Maciej Stolarczyk, trener Jagiellonii Białystok: – W poprzednim sezonie medale i trofea zdobywali trenerzy z najdłuższym stażem. Maciej Skorża znał już Lecha Poznań. Trenerzy, którzy pracują dłużej w klubach, bronią się wynikami. Trzeba podkreślić, że ci szkoleniowcy nie zawsze wygrywali, mieli też słabsze momenty, ale wtedy ważna jest cierpliwość władz.
– Trenerzy w wielu klubach muszą się wykazać, by zostać dłużej.
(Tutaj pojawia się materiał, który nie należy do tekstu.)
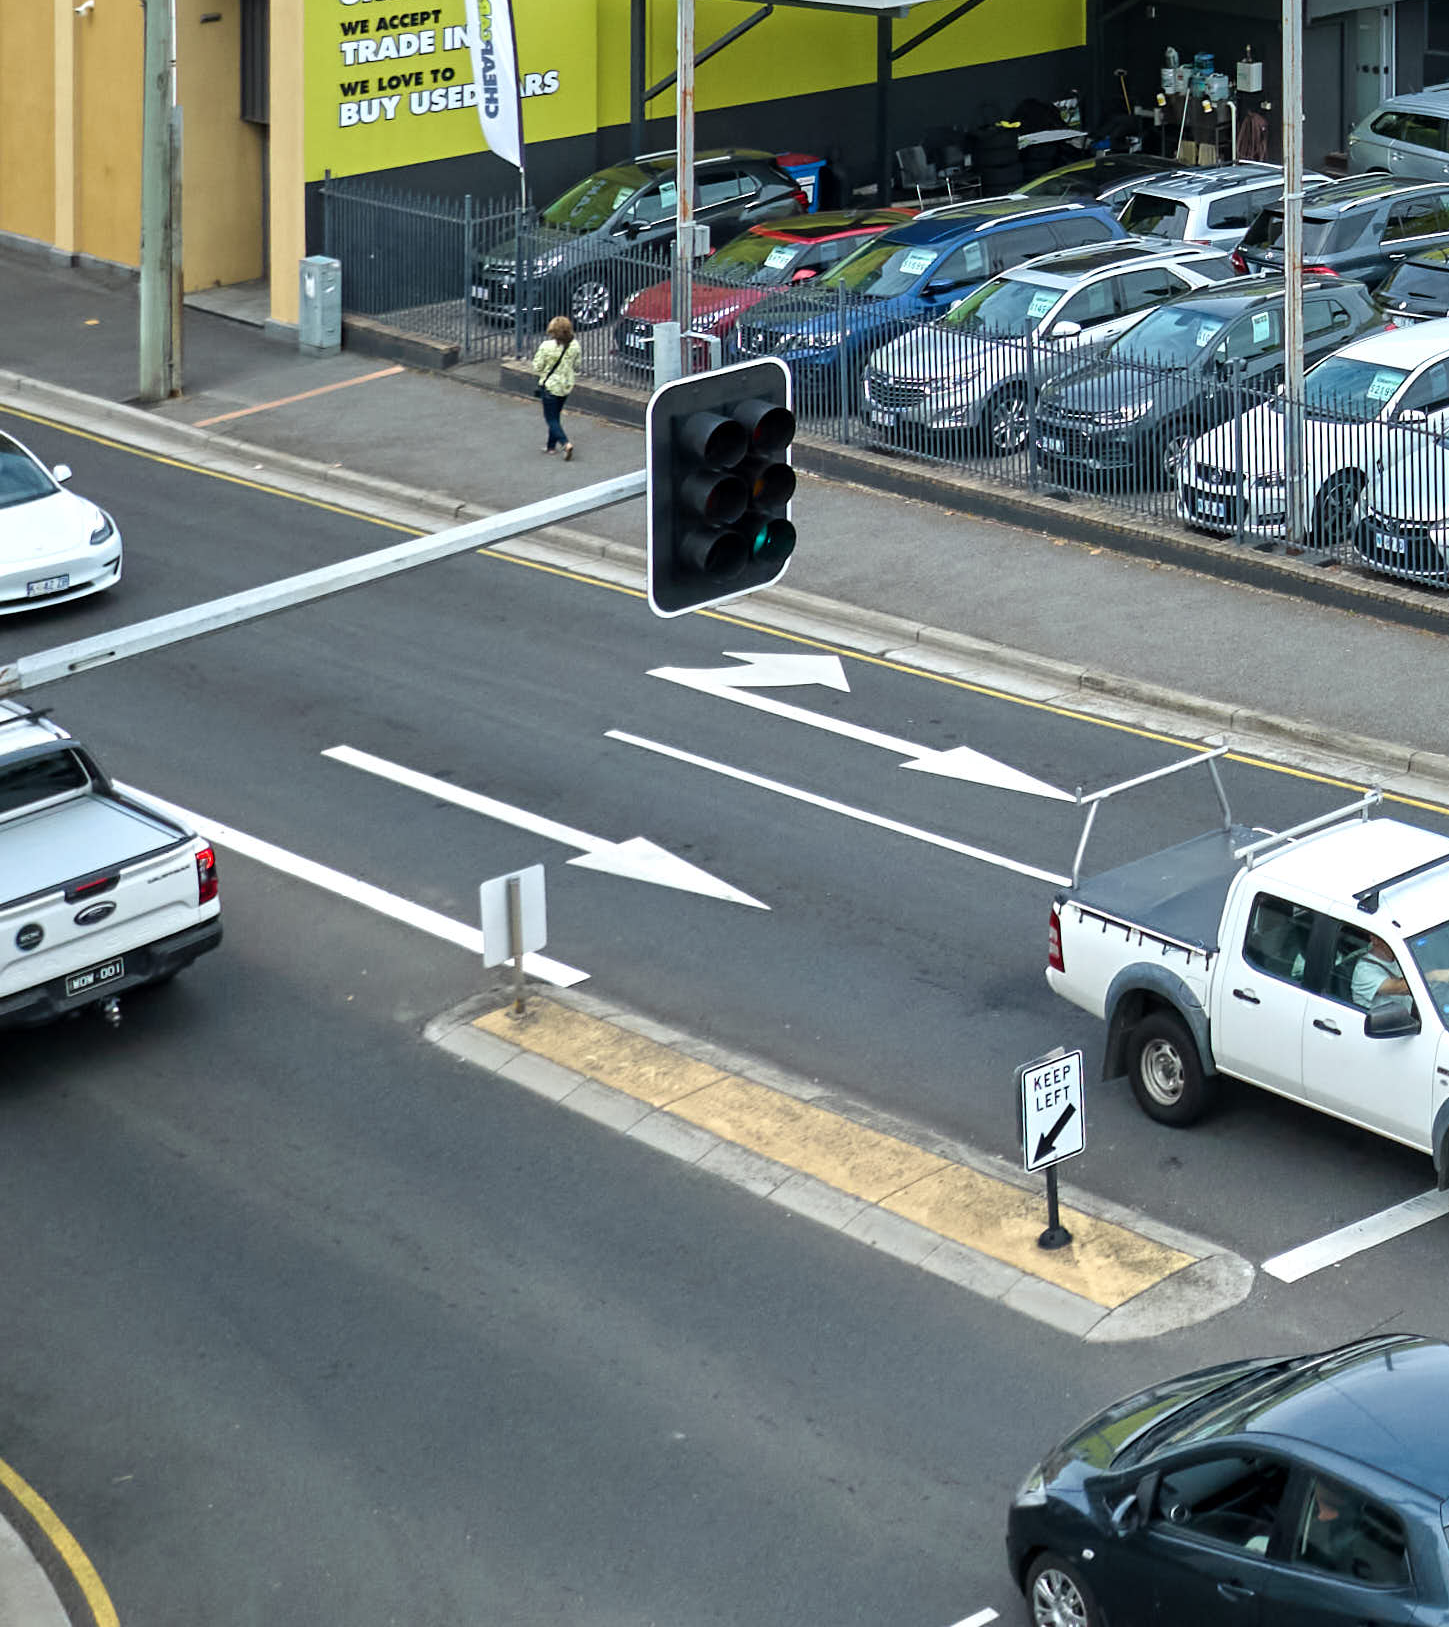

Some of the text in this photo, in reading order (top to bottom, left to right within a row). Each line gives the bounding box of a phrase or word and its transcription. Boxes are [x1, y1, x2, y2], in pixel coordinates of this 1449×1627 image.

– Przykłady Rakowa, Pogoni czy Piasta najbardziej to uwypuklają. Często patrzy się na szkoleniowca tylko oczami kibica, pod presją mediów, a szersze spojrzenie, czyli warsztat trenera i jego filozofia, to powinno być kluczowe przy ocenie pracy szkoleniowców. Można się sugerować wyłącznie wynikami, ale tak się daleko nie zajedzie.
– Ma pan za sobą szkolenia medialne?
– Nie, a dlaczego?
– Na konferencji po meczu z Piastem wszedł pan do sali konferencyjnej. Było nas około dwudziestu. Do każdego z osobna pan podszedł, podał rękę, przywitał się. Dobrze to zostało odebrane...
– A to się cieszę. Po prostu chciałem się przywitać. Ale po porażce z Widzewem już tego nie zrobiłem.
– Przed meczem Jagiellonii z Widzewem była inna atmosfera w Białymstoku. Znany rywal, dobra pogoda, zwycięstwo z Piastem, padł rekord sprzedaży karnetów.
– Tylko wyniku zabrakło. Jestem bardzo rozczarowany tą porażką, bo przy takim wsparciu kibiców powinniśmy mecz zamknąć już w pierwszej połowie.
– Mogło być nawet do przerwy 3:1.
– Żal mi tego, bo przy tylu kibicach nie zdobyliśmy punktów. Naprawdę uważam, że był to nasz niezły mecz. Sporo stworzonych sytuacji, więc nie było tak, że byliśmy tłem dla Widzewa. Bynajmniej. My nie zejdziemy z tej ścieżki, będziemy trzymać się tego, chcemy grać ofensywnie, a nad skutecznością pracujemy.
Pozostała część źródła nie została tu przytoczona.